Just about every big pharma or biotech company that has earned an unwelcome reputation for building huge and unproductive R&D empires is taking a page from the household products behemoth Procter & Gamble and joining the shift to "open innovation." A new article in Mass High Tech explores how that trend is affecting several big research organizations in the Boston area, home to some of the best minds in drug development.
Pfizer's Global Centers for Therapeutic Innovation in Cambridge has been setting up a farm system, relying on teams matching investigators from the pharma giant and academia to advance important new therapies through the pipeline. The company is starting out with a collaboration at the University of California, San Francisco and plans to expand that around the globe. AstraZeneca has already taken an axe to its R&D ops, preferring to recruit new leaders for research and often going outside the company to find fresh talent, says John Hennessy, executive director, AstraZeneca R&D Boston. Now it plans to get up to 40 percent of its new programs from outside the walls of its R&D silos. Even Biogen Idec is signaling its interest in finding new programs outside the company.

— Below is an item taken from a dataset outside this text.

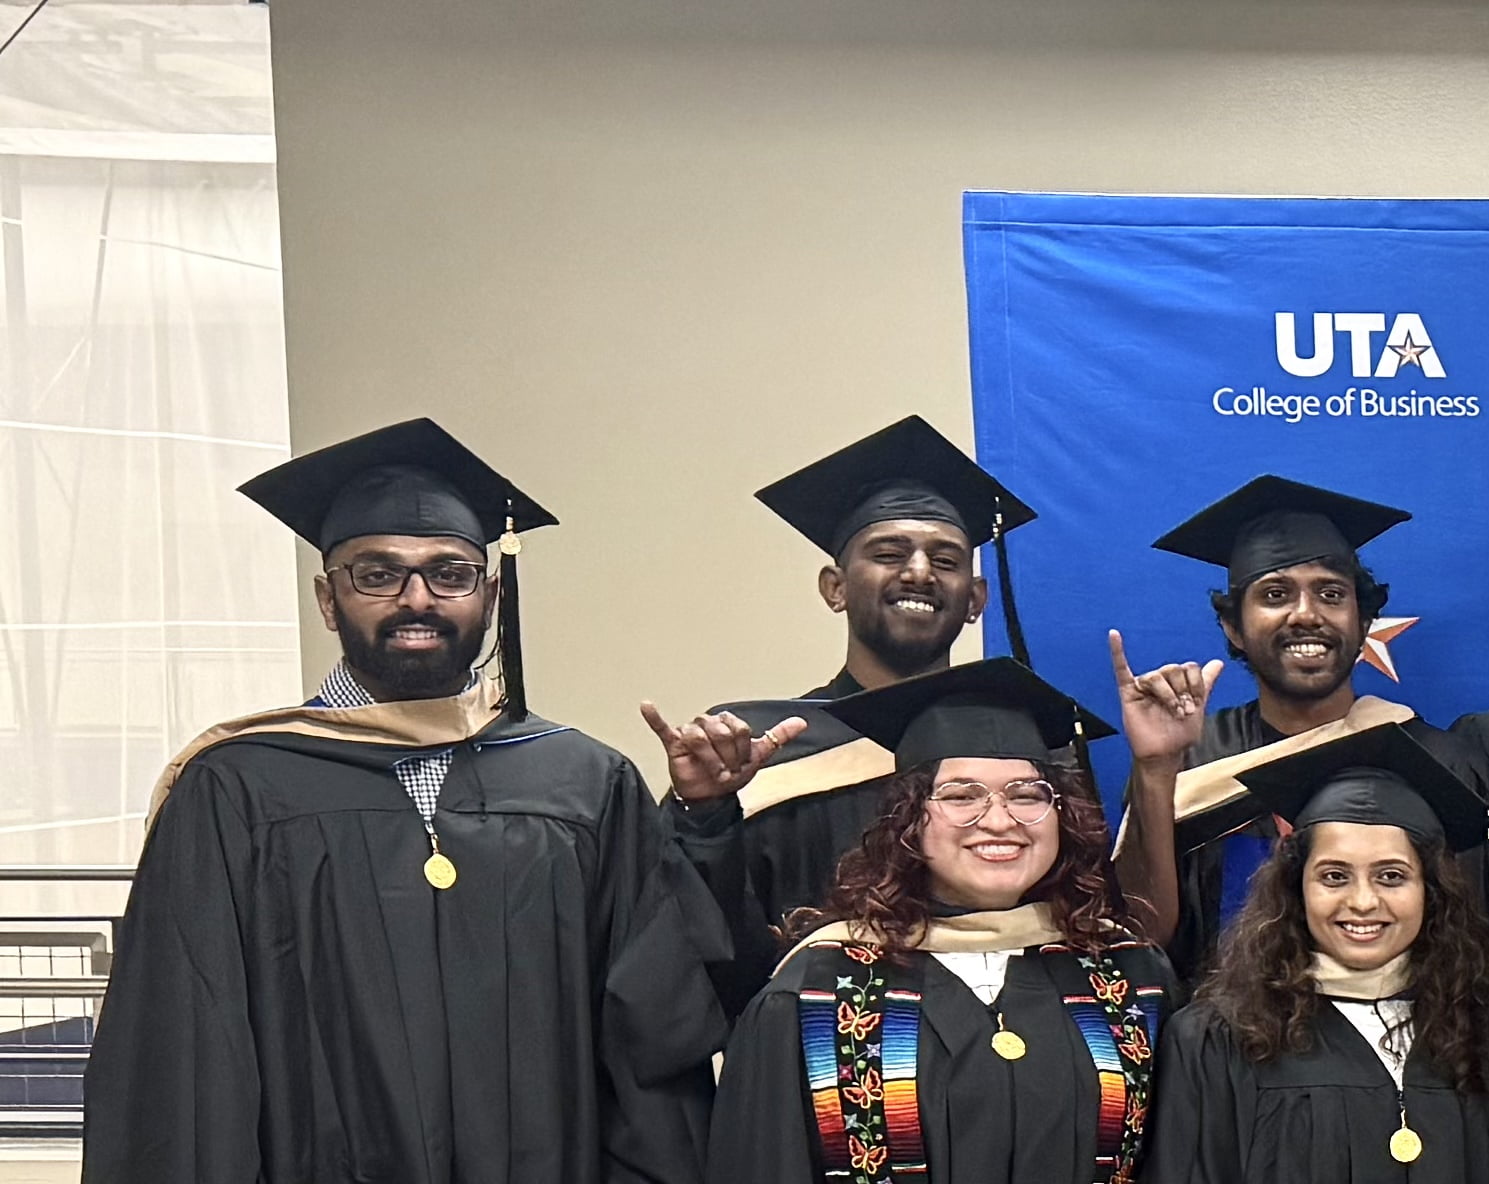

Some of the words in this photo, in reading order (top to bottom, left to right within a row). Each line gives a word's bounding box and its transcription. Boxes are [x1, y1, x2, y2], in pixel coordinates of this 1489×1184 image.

"In parts of our R&D we saw radical ideas squashed too quickly," Hennessy recently told a conference. "We are looking at a patent cliff as a company and we have to have a strong pipeline over time."
For MIT professor Michael Cima, who's founded multiple biotechs and did a stint as a consultant for Johnson & Johnson, big companies are paying for their past R&D sins. "I saw hundreds of good ideas squashed at Johnson & Johnson in those five years," he told Mass High Tech. "They would think of ways how not to make it happen."